(Material provided begins)
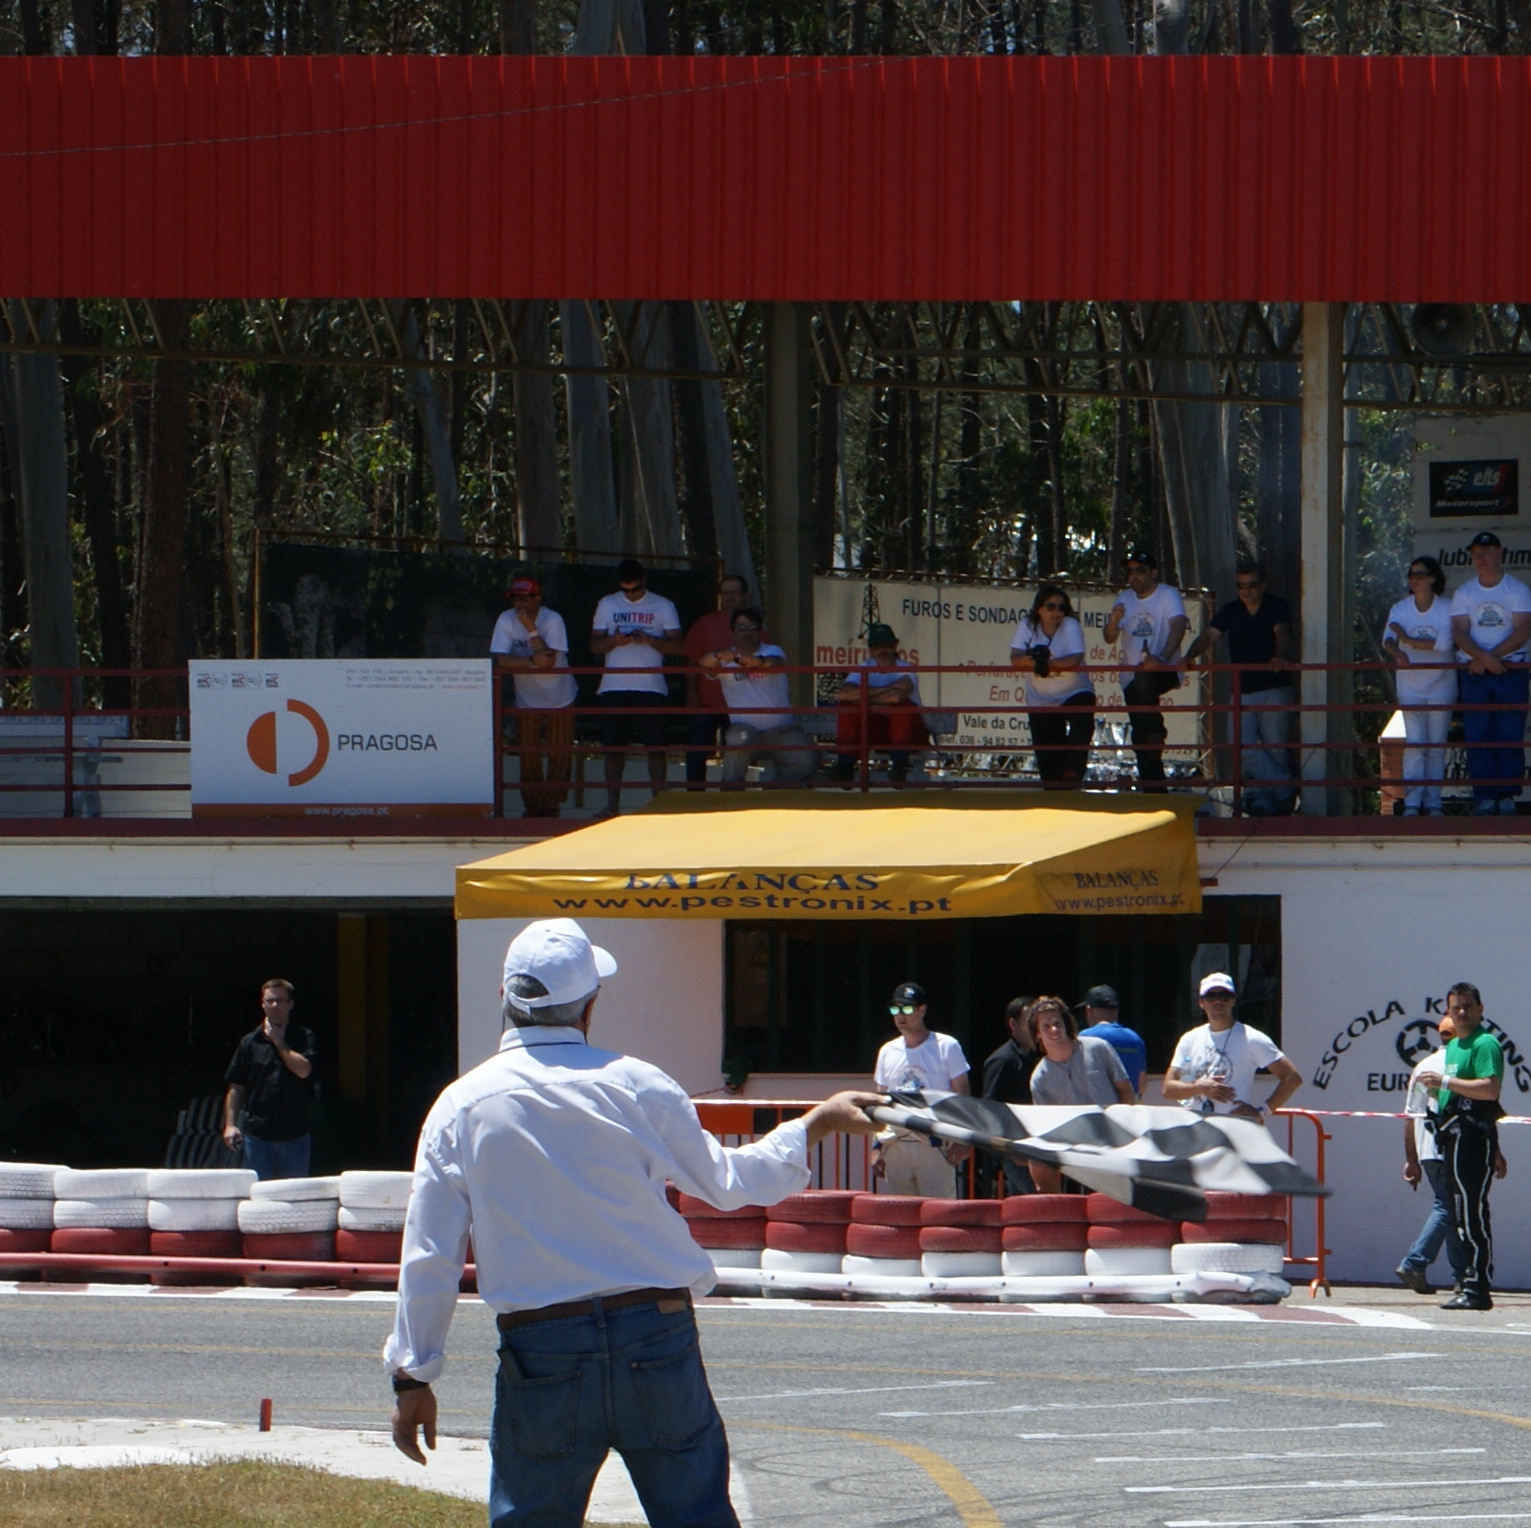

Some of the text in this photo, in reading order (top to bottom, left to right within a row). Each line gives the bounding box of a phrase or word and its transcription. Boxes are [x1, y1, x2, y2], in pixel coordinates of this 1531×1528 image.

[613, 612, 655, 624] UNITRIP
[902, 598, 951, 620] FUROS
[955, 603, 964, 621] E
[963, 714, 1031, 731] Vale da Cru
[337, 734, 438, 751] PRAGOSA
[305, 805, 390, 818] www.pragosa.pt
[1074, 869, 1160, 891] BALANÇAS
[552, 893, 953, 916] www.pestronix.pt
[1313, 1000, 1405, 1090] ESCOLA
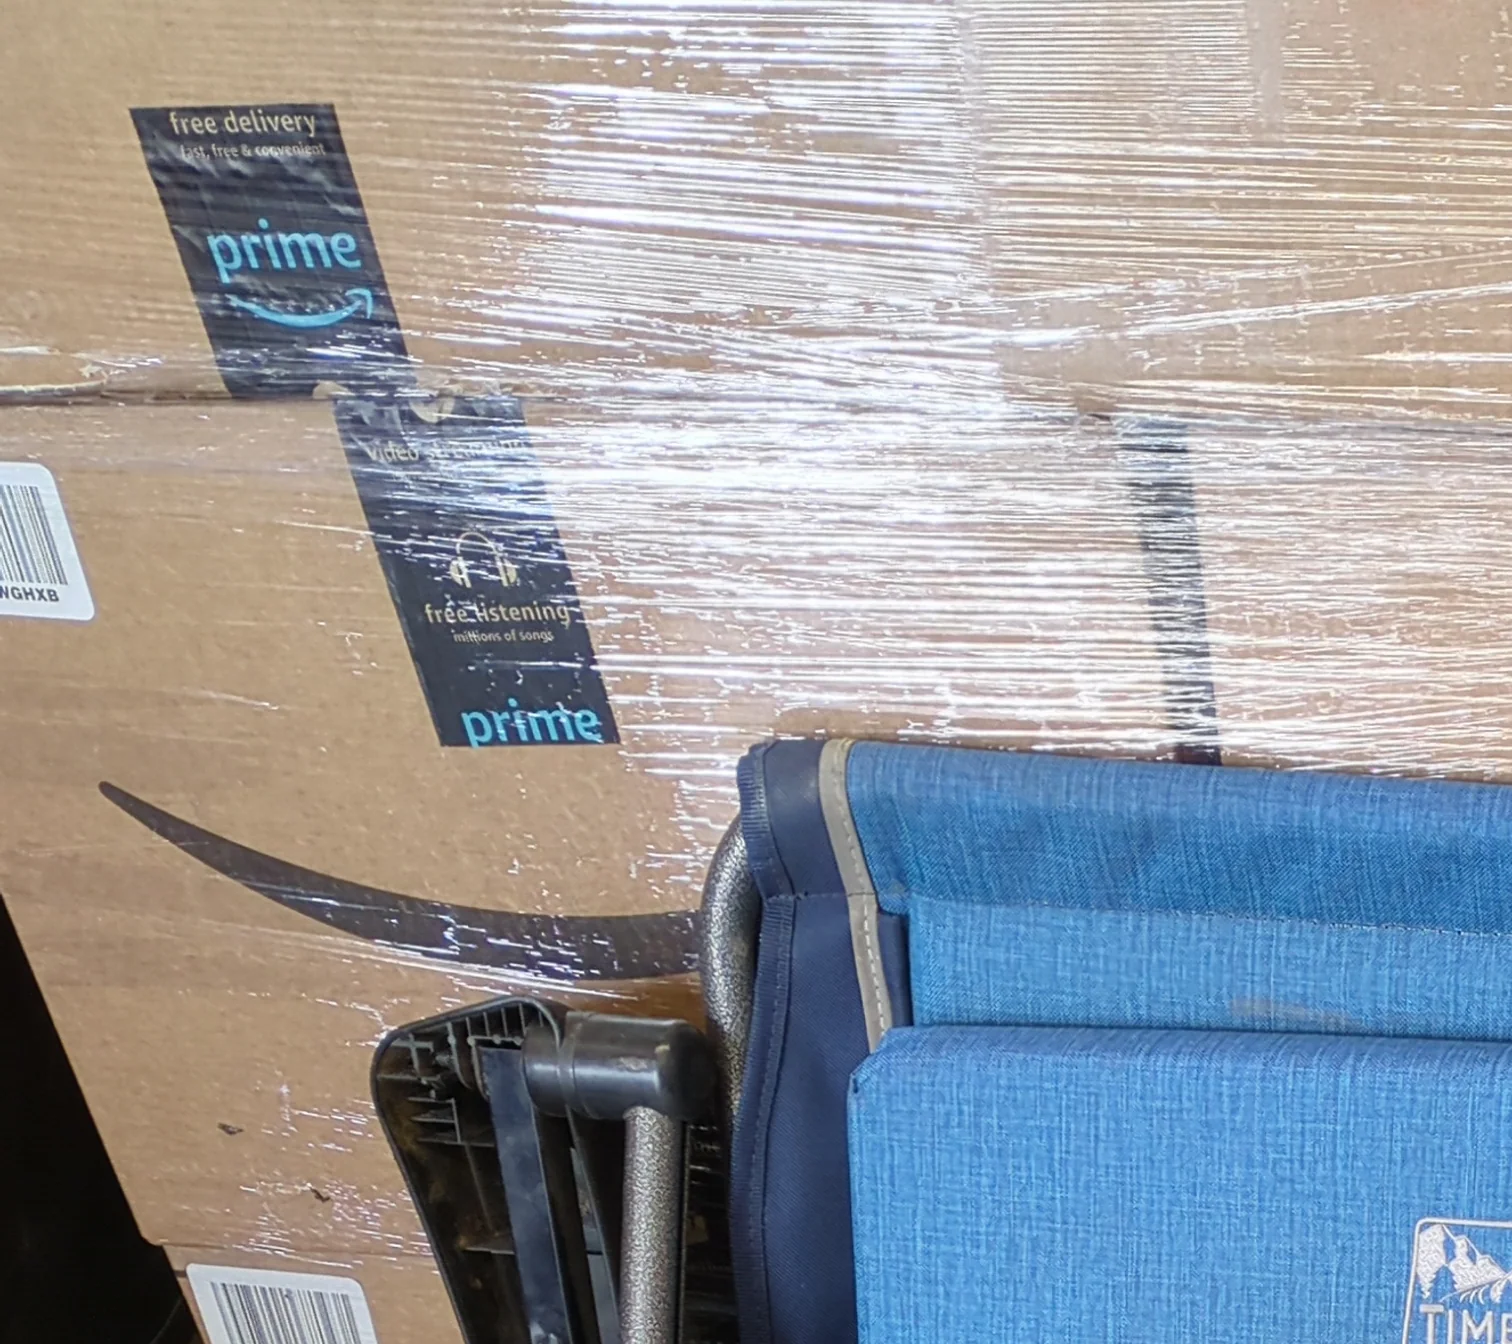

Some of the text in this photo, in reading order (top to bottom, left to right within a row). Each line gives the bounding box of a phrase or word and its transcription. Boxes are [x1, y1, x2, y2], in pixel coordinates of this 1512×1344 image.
(Material provided ends)
Transcribe all the records above word for word, without their images.

Some of the text in this photo, in reading order (top to bottom, left to right within a row). Each line gives the bounding box of a phrase or word and its transcription. Boxes are [x1, y1, x2, y2], in pixel coordinates of this 1531×1528 image.

[613, 612, 655, 624] UNITRIP
[902, 598, 951, 620] FUROS
[955, 603, 964, 621] E
[963, 714, 1031, 731] Vale da Cru
[337, 734, 438, 751] PRAGOSA
[305, 805, 390, 818] www.pragosa.pt
[1074, 869, 1160, 891] BALANÇAS
[552, 893, 953, 916] www.pestronix.pt
[1313, 1000, 1405, 1090] ESCOLA

Some of the text in this photo, in reading order (top to bottom, left to right within a row). Each line gives the bounding box of a phrase or word and its transcription. Boxes are [x1, y1, x2, y2], in pixel coordinates of this 1512×1344 image.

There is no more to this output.